Clinical outcomes of lamivudine-adefovir therapy in chronic hepatitis B cirrhosis.

Seng Gee Lim1, Myat Oo Aung, Belinda Mak, Dede Sutedja, Yin Mei Lee, Guan Huei Lee, Mark Fernandes, How Cheng Low, Vincent Lai, Yock Young Dan.   

Abstract

GOALS: To determine the clinical outcome of chronic hepatitis B cirrhotics on antiviral therapy.
BACKGROUND: The long-term outcome of hepatitis B cirrhotics on therapy remains to be characterized.
METHODS: A large clinic cohort of chronic hepatitis B cirrhotic patients were enrolled in a treatment program of lamivudine ± adefovir therapy. Patients were analyzed for clinical outcomes, and predictors of these outcomes were evaluated by multivariate analysis. Clinical outcomes of ascites, encephalopathy, hepatocellular carcinoma (HCC), and progression in Child-Pugh score, Model for End-stage Liver Disease score, and mortality were assessed. Data were analyzed by Kaplan-Meier graphs, log-rank test, and Cox regression.
RESULTS: Of 143 chronic hepatitis B cirrhotics, 19.6% had decompensated cirrhosis. At 5 years, the mean survival was 83.6%, development of ascites, HCC, encephalopathy, and deterioration in Child-Pugh score were 7.0%, 15.9%, 10.8%, and 16.9%, respectively. The overall progression of liver-related complications was 32.8% at 5 years. Multivariate analysis showed that ascites, albumin ≤28 g/L, Child-Pugh score ≥7.9, Model for End-stage Liver Disease score ≥10.9 were significantly associated with liver-related complications.
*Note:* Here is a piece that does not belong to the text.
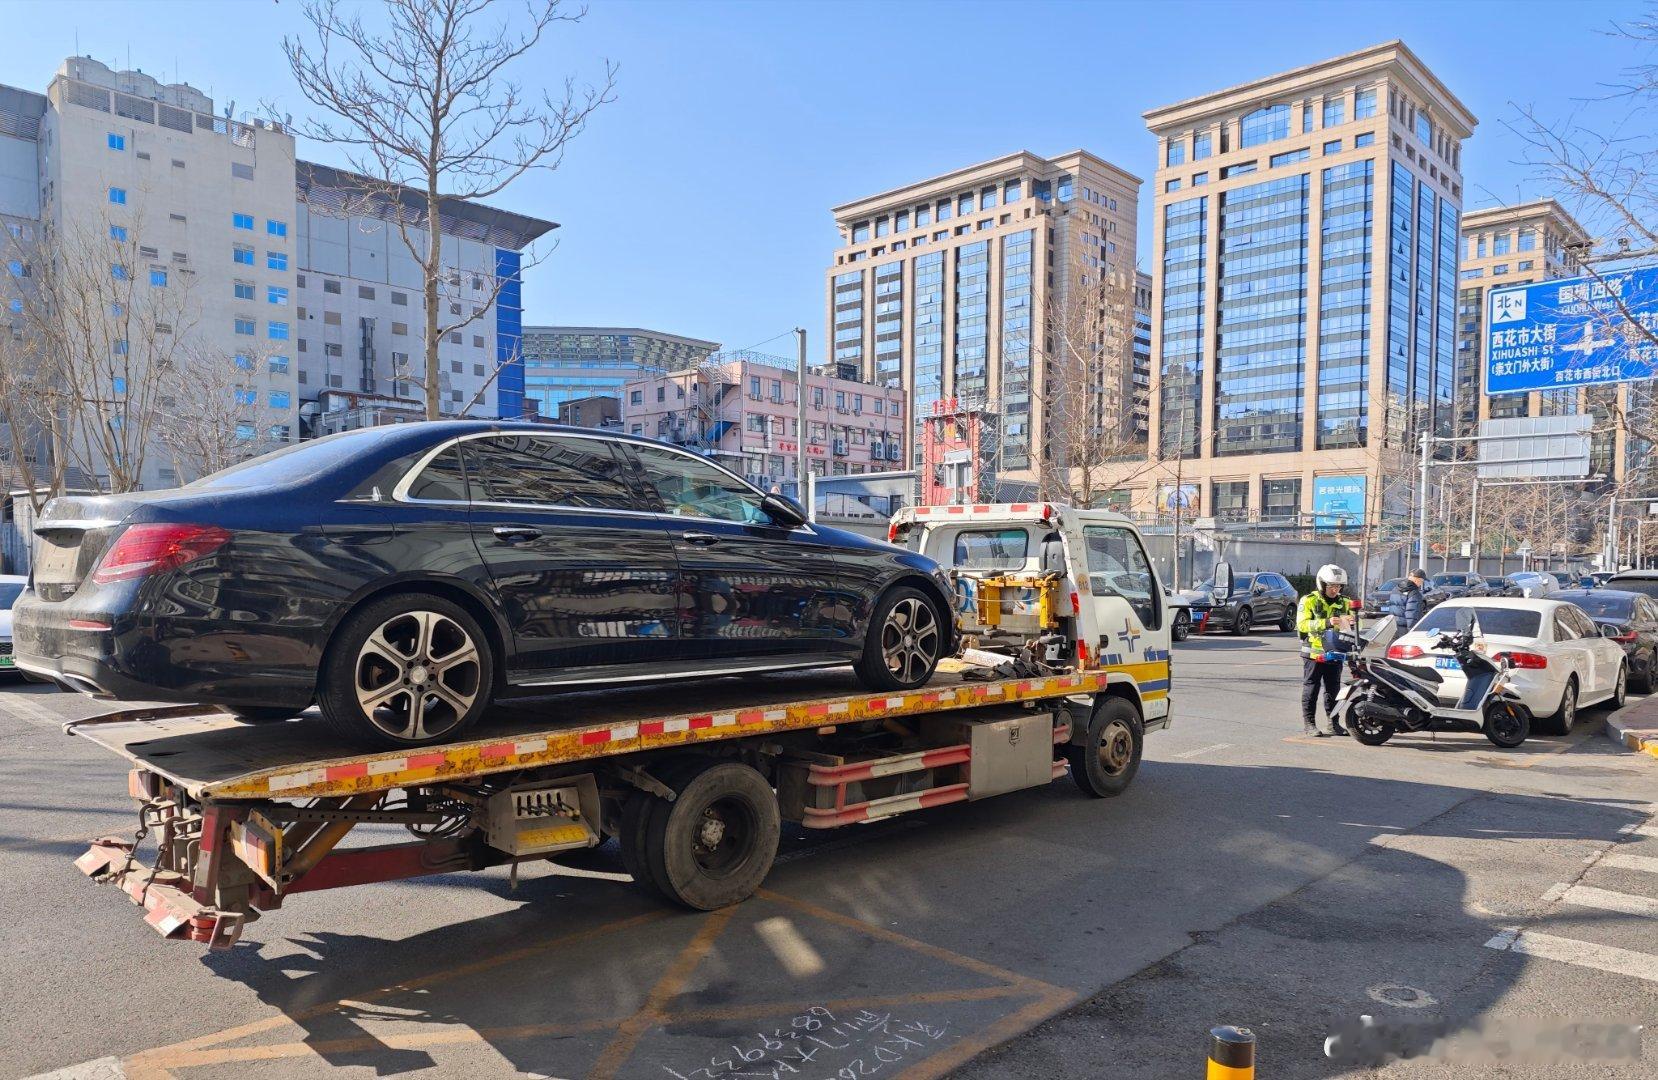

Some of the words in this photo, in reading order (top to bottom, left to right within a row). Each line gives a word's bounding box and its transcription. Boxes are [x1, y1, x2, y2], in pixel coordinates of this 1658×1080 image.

[1497, 295, 1511, 309] 北
[1515, 299, 1522, 308] N
[1492, 324, 1557, 349] 西花市大街
[1492, 346, 1538, 361] XIHUASHI
Low albumin and low hepatitis B virus DNA were independent factors for liver-associated mortality. Lamivudine resistance did not affect mortality or liver disease progression. When stratified by Child-Pugh status, the mean survival of those with Child C cirrhosis was worse than Child A and B cirrhosis (P<0.001, log-rank test). Early deaths (≤12 mo) were due to liver failure or sepsis, whereas deaths ≥12 mo were mainly due to HCC.
CONCLUSION: Decompensated chronic hepatitis B cirrhotics may suffer early mortality despite antiviral treatment, and therefore should be considered for early liver transplantation.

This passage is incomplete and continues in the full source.